Thursday, August 19, 2010

The Paper Machine

When people think of information technology, they seldom think of the cellulose-based matrix which has been a mainstay of that technology for the last few centuries at least, and was first deployed millennia ago. But paper, and the technologies that allow for making it and marking it, is something ubiquitous in our human environment. It is hard to find places with none at all.

In fact, a quick calculation shows that most of our civic institutions are enormous consumers of paper. Supposing a school with 3000 students charges them each about $100 a year for photocopied or printed materials. Let's next suppose that the cost of printing or photocopying a single sheet (considering that this is bulk production) is 2.5 cents. That would mean 4000 sheets per student, and TWELVE MILLION (yes, 12,000,000) sheets of paper consumed per year.
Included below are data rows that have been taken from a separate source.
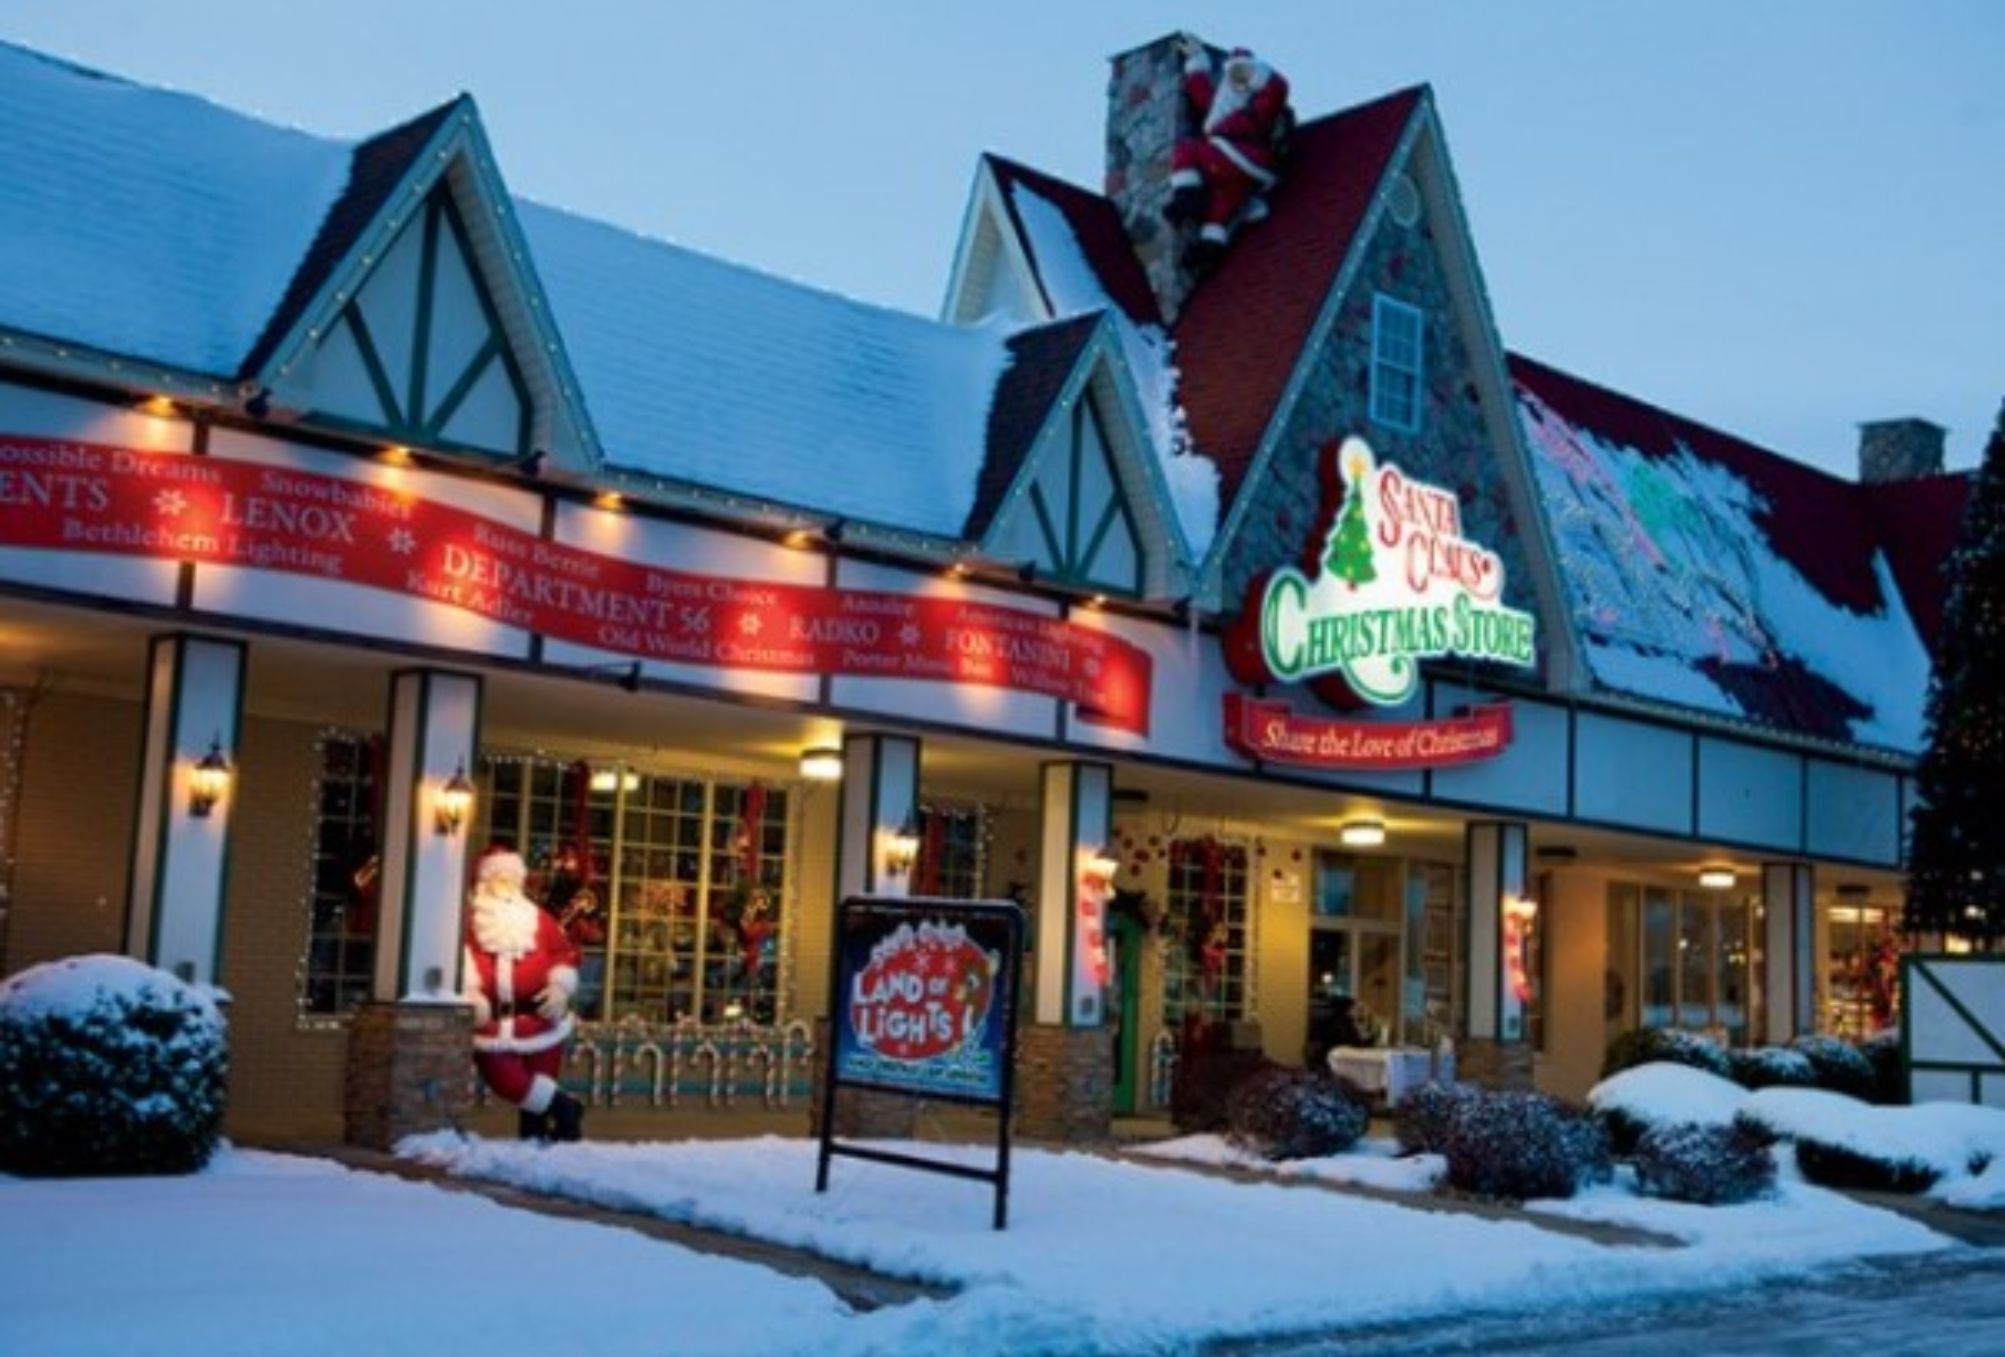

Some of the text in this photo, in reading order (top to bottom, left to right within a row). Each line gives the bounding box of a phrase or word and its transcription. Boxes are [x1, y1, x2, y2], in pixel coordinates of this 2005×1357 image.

[112, 450, 223, 483] Dreams
[221, 491, 357, 545] LENOX
[62, 516, 343, 575] Bethlehem Lighting
[443, 541, 713, 635] DEPARTMENT 56
[598, 624, 639, 648] Old
[788, 614, 880, 647] RADKO
[1319, 727, 1351, 756] the
[1354, 730, 1393, 758] Love
[1395, 728, 1417, 757] of
[852, 971, 925, 1004] LAND
Even if we tweak the figures generously, to $60 per year per student and 3 cents per sheet, we'd still have 2000 sheets per student and 6,000,000 sheets a year. If we were to assume that the school prints on both sides of each sheet, that's still 3,000,000 sheets of paper a year. A ream of paper is 500 sheets, so we are talking about 6000 reams.
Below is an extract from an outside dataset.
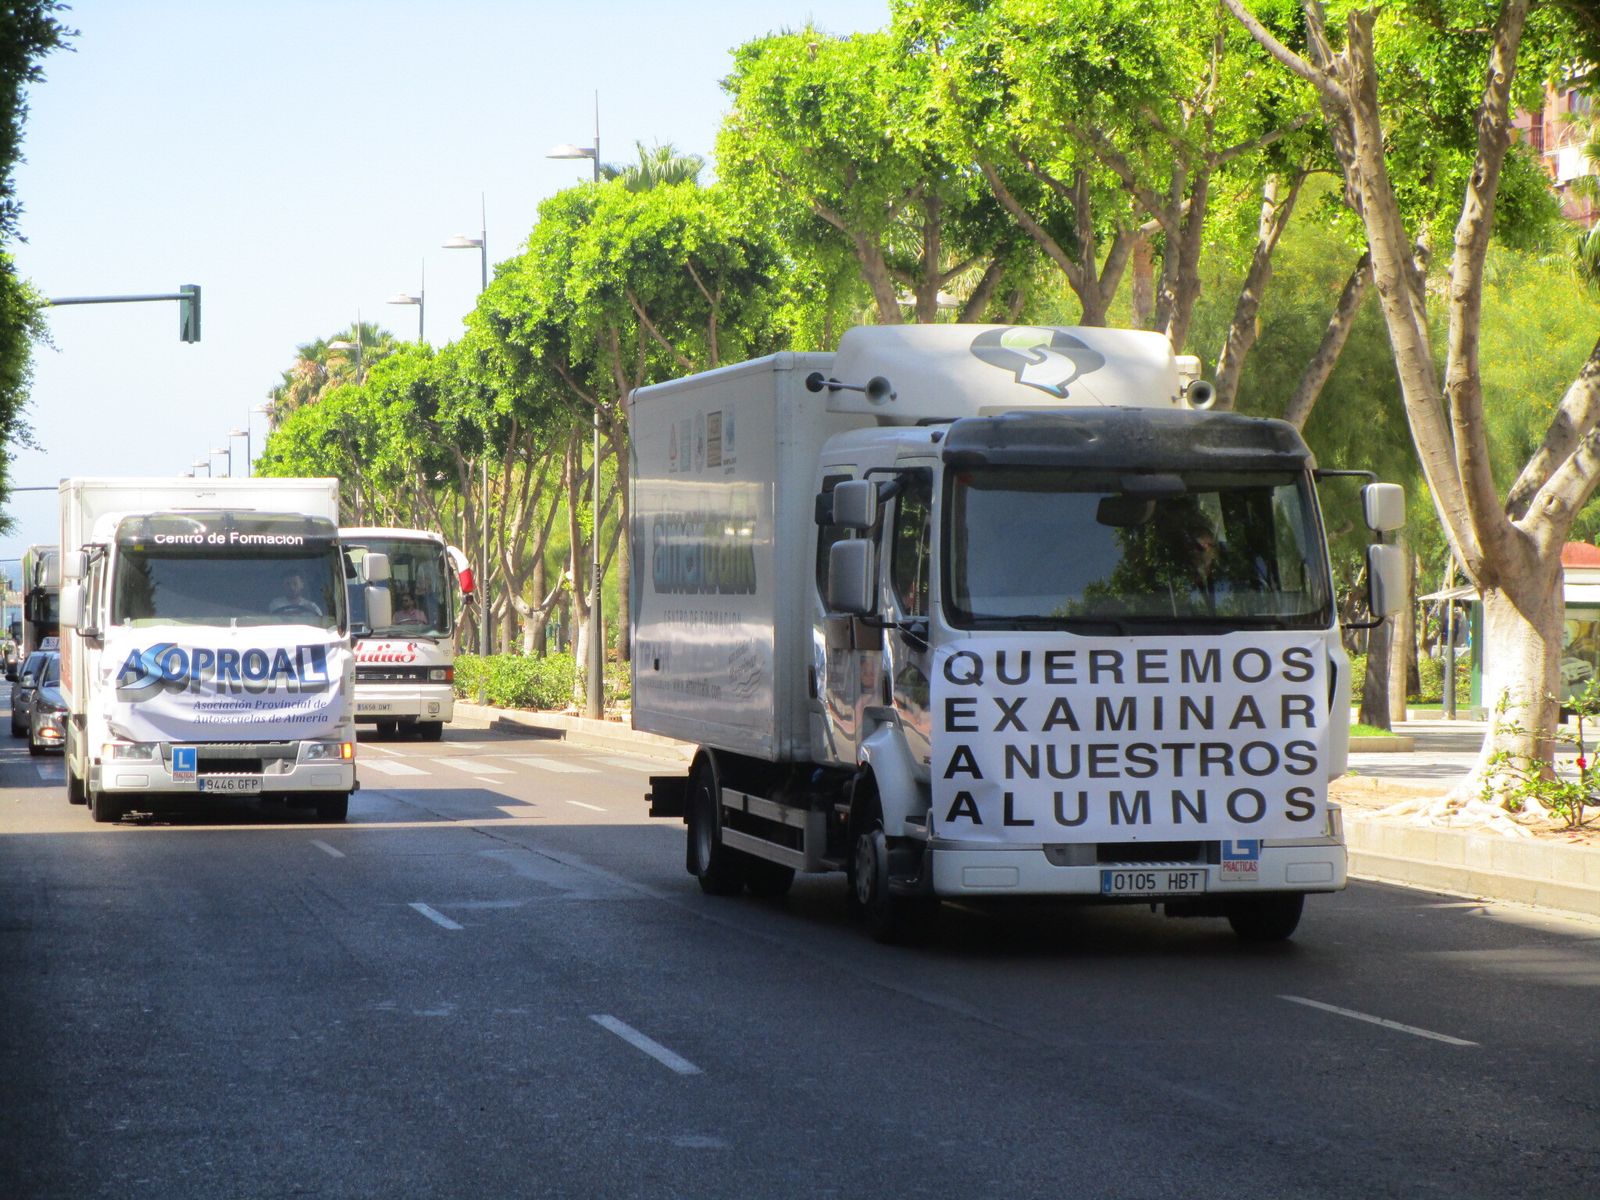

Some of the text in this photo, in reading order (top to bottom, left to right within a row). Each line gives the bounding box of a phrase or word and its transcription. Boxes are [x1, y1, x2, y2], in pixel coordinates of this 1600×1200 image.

Do we really need to print that much material each year? Is a school nothing but a paper machine, endlessly producing sheets of stuff that are digested and transformed into higher-class sheets called examination scripts, and then even higher-class ones called diplomas?

I am sure that this is unnecessary. In fact, I am quite certain that the money such a school requires (and budgets), is always in excess of necessity. This is the nature of such machines.